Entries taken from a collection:
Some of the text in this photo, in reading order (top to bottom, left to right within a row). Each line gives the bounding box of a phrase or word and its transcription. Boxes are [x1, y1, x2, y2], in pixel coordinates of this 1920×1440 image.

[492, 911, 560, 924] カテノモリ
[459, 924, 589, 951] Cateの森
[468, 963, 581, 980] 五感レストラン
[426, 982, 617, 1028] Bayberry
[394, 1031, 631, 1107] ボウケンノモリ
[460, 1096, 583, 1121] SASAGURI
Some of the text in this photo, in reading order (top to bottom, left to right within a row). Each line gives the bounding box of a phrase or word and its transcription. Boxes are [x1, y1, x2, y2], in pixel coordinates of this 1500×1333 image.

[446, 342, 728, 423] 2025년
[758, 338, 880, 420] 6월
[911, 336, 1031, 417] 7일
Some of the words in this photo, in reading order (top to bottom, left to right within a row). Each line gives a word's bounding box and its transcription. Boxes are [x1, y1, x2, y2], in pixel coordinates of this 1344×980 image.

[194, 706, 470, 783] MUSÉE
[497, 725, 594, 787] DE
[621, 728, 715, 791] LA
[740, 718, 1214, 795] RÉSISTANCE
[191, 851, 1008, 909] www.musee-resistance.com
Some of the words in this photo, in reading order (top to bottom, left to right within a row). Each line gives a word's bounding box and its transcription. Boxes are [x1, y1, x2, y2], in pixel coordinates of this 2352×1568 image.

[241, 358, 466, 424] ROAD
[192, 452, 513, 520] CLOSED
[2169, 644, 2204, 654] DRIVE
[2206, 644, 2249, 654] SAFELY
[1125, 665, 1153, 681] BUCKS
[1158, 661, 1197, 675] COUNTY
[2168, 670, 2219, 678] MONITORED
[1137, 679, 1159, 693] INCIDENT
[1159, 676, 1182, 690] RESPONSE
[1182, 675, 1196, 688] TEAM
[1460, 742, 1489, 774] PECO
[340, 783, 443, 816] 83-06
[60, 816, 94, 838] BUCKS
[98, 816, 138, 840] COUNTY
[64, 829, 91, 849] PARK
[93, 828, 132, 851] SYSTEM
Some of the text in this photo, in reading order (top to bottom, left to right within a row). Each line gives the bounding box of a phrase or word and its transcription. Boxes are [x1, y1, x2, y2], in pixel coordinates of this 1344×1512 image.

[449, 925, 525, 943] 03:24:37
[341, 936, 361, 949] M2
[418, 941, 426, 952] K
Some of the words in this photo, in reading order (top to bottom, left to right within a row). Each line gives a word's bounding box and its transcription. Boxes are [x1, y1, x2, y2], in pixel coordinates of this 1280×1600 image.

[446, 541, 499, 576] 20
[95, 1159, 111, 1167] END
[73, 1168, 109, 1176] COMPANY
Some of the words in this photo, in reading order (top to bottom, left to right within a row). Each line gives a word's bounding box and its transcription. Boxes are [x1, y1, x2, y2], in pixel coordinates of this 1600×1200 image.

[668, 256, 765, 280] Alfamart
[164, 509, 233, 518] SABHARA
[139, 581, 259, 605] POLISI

GOAL OF THE EXERCISE: Reproduce the lines of the entries above exactly, but only from the line containing "this 1600×1200 image." through the final line.

EXERCISE RESPONSE:
Some of the words in this photo, in reading order (top to bottom, left to right within a row). Each line gives a word's bounding box and its transcription. Boxes are [x1, y1, x2, y2], in pixel coordinates of this 1600×1200 image.

[668, 256, 765, 280] Alfamart
[164, 509, 233, 518] SABHARA
[139, 581, 259, 605] POLISI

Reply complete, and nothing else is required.